Comment on We have to stop ignoring AI’s hallucination problem

Voroxpete@sh.itjust.works ⁨5⁩ ⁨months⁩ ago

We not only have to stop ignoring the problem, we need to be absolutely clear about what the problem is.

LLMs don’t hallucinate wrong answers. They hallucinate all answers. Some of those answers will happen to be right.

If this sounds like nitpicking or quibbling over verbiage, it’s not. This is really, really important to understand. LLMs exist within a hallucinatory false reality. They do not have any comprehension of the truth or untruth of what they are saying, and this means that when they say things that are true, they do not understand why those things are true.
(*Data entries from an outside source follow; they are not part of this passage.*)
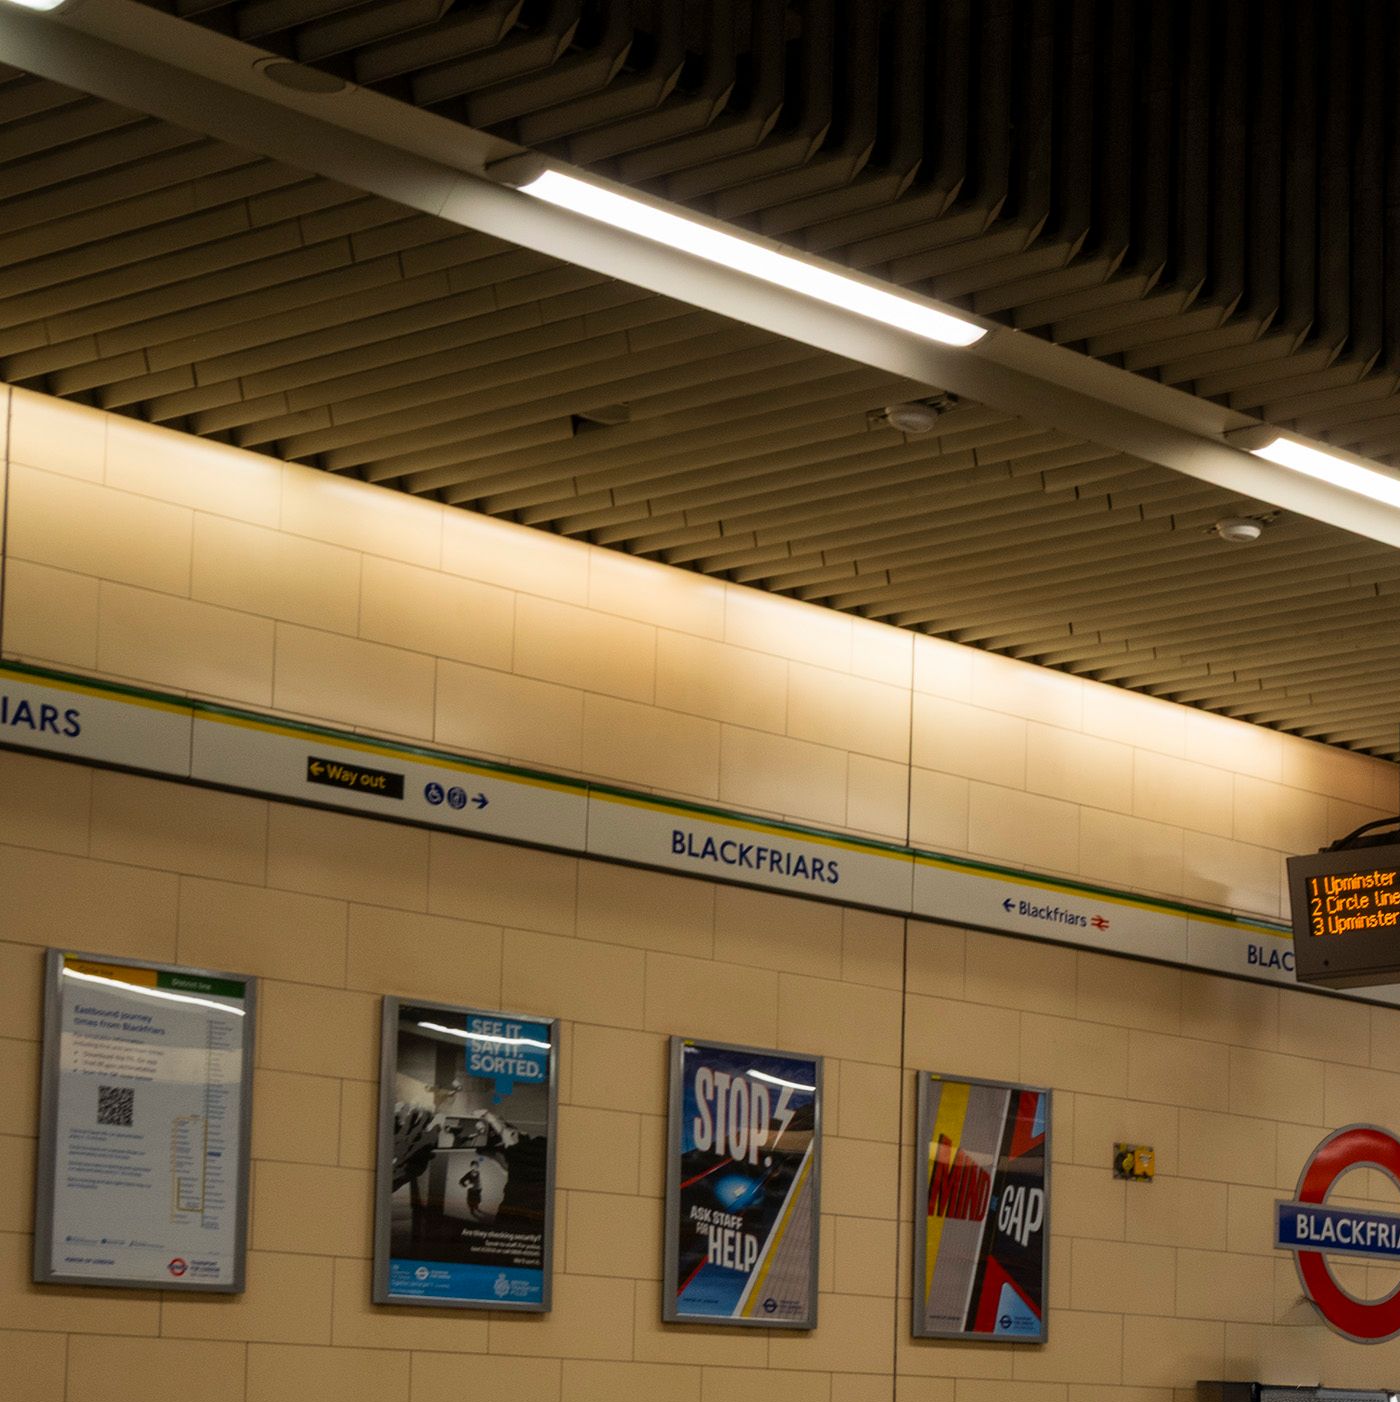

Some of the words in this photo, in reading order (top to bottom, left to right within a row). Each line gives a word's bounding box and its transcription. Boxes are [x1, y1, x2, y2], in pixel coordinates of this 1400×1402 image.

[326, 763, 358, 786] Way
[360, 774, 386, 789] out
[671, 830, 840, 884] BLACKFRIARS
[1311, 878, 1319, 896] 1
[1324, 870, 1397, 895] Upminster
[1019, 900, 1087, 928] Blackfriars
[1311, 897, 1322, 916] 2
[1326, 893, 1369, 914] Circle
[1374, 890, 1400, 907] line
[1312, 916, 1324, 936] 3
[1328, 910, 1400, 935] Upminster
[471, 1019, 503, 1037] SEE
[470, 1056, 544, 1078] SORTED.
[928, 1133, 991, 1222] MIND
[690, 1205, 712, 1222] ASK
[712, 1210, 743, 1230] STAFF
[998, 1184, 1044, 1247] GAP
[696, 1222, 709, 1235] FOR
[708, 1225, 758, 1273] HELP
That is the part that’s crucial to understand. A really simple test of this problem is to ask ChatGPT to back up an answer with sources. It fundamentally cannot do it, because it has no ability to actually comprehend and correlate factual information in that way. This means, for example, that AI is incapable of assessing the potential veracity of the information it gives you. A human can say “That’s a little outside of my area of expertise,” but an LLM cannot. It can only be coded with hard blocks in response to certain keywords to cut it from answering and insert a stock response.
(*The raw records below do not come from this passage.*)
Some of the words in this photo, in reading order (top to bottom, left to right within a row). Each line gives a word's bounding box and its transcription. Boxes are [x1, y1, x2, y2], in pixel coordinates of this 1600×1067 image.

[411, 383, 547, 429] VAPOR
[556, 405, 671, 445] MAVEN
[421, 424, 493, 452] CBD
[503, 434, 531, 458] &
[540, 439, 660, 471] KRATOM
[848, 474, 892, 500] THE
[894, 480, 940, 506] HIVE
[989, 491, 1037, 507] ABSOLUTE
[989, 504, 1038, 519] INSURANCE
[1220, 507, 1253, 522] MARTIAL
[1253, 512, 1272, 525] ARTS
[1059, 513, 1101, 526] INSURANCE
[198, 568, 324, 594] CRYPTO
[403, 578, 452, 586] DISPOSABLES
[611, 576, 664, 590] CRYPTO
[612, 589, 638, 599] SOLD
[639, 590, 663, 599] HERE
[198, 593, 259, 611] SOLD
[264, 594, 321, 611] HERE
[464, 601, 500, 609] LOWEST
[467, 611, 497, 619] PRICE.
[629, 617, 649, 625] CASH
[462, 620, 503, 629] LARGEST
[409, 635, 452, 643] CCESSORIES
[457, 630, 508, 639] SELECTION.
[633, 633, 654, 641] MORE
This distinction, that AI is always hallucinating, is important because of stuff like this:

But notice how Reid said there was a balance? That’s because a lot of AI researchers don’t actually think hallucinations can be solved. A study out of the National University of Singapore suggested that hallucinations are an inevitable outcome of all large language models. **Just as no person is 100 percent right all the time, neither are these computers. **

That is some fucking toxic shit right there. Treating the fallibility of LLMs as analogous to the fallibility of humans is a huge, huge false equivalence. Humans can be wrong, but we’re wrong in ways that allow us the capacity to grow and learn. Even when we are wrong about things, we can often learn from how we are wrong. There’s a structure to how humans learn and process information that allows us to interrogate our failures and adjust for them.

When an LLM is wrong, we just have to force it to keep rolling the dice until it’s right. It cannot explain its reasoning. It cannot provide proof of work. I work in a field where I often have to direct the efforts of people who know more about specific subjects than I do, and part of how you do that is you get people to explain their reasoning, and you go back and forth testing propositions and arguments with them. You say “I want this, what are the specific challenges involved in doing it?” They tell you it’s really hard, you ask them why. They break things down for you, and together you find solutions. With an LLM, if you ask it why something works the way it does, it will commit to the bit and proceed to hallucinate false facts and false premises to support its false answer, because it’s not operating in the same reality you are, nor does it have any conception of reality in the first place.